The Council proposed to deal with that situation, according to the Holy Father, by working with it as much as possible in hopes of eventually getting beyond it. In its deliberations, therefore, “the modern world’s values were not only respected but honored,” so much so that the Church “felt the need … almost to run after [the society in which she lives] in its rapid and continuous change.” The outcome of the discussions was “a simple, new and solemn teaching to love man in order to love God … to love man … not as a means but as the first step toward the final and transcendent goal which is the basis and cause of every love.”

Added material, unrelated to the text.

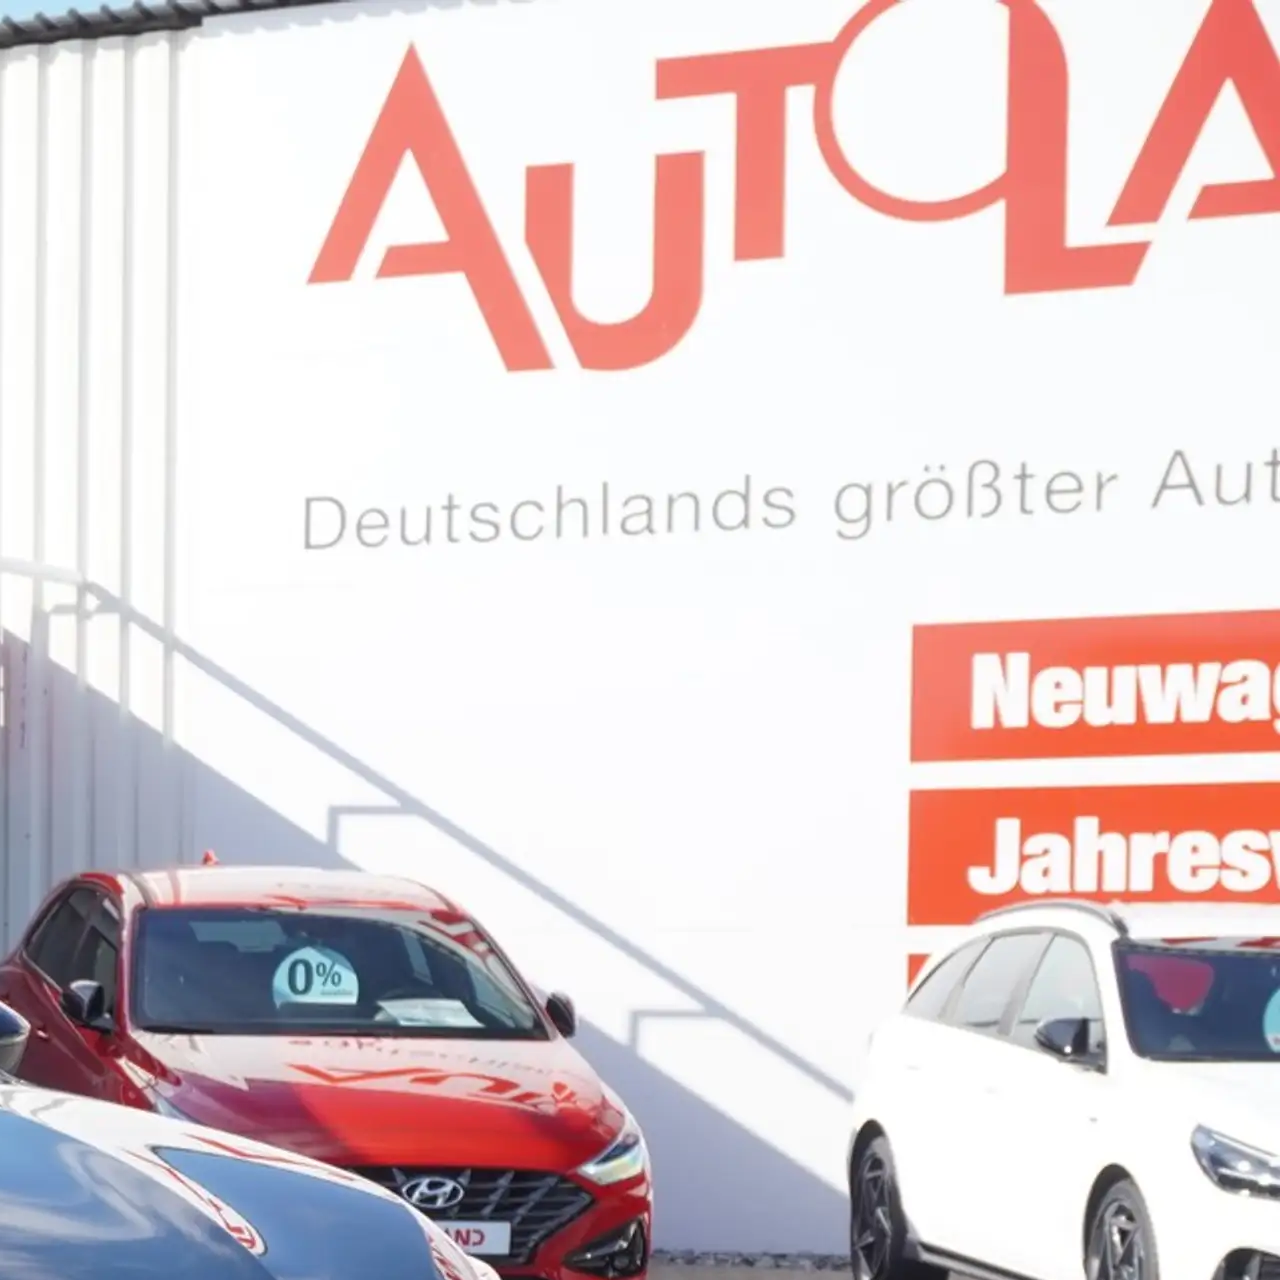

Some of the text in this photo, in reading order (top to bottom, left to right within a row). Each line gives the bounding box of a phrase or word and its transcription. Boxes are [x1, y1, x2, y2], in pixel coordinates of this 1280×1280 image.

[303, 447, 1280, 550] Deutschlands größter Aut
[971, 652, 1280, 736] Neuwa
[967, 816, 1280, 896] Jahres
[287, 958, 342, 996] 0%

So the ultimate goal did not change: “the effort to look on [God], and to center our heart in Him which we call contemplation, is the highest, the most perfect act of the spirit, the act which even today can and must be at the apex of all human activity.” Nonetheless, the Holy Father seemed to say, the Church must meet and value people where they are, and lead them to God by developing the implications of what they already know, want, and do. Just as all roads lead to Rome, one might say, all human interests and efforts, pursued honestly, consistently, and fully, should lead to God.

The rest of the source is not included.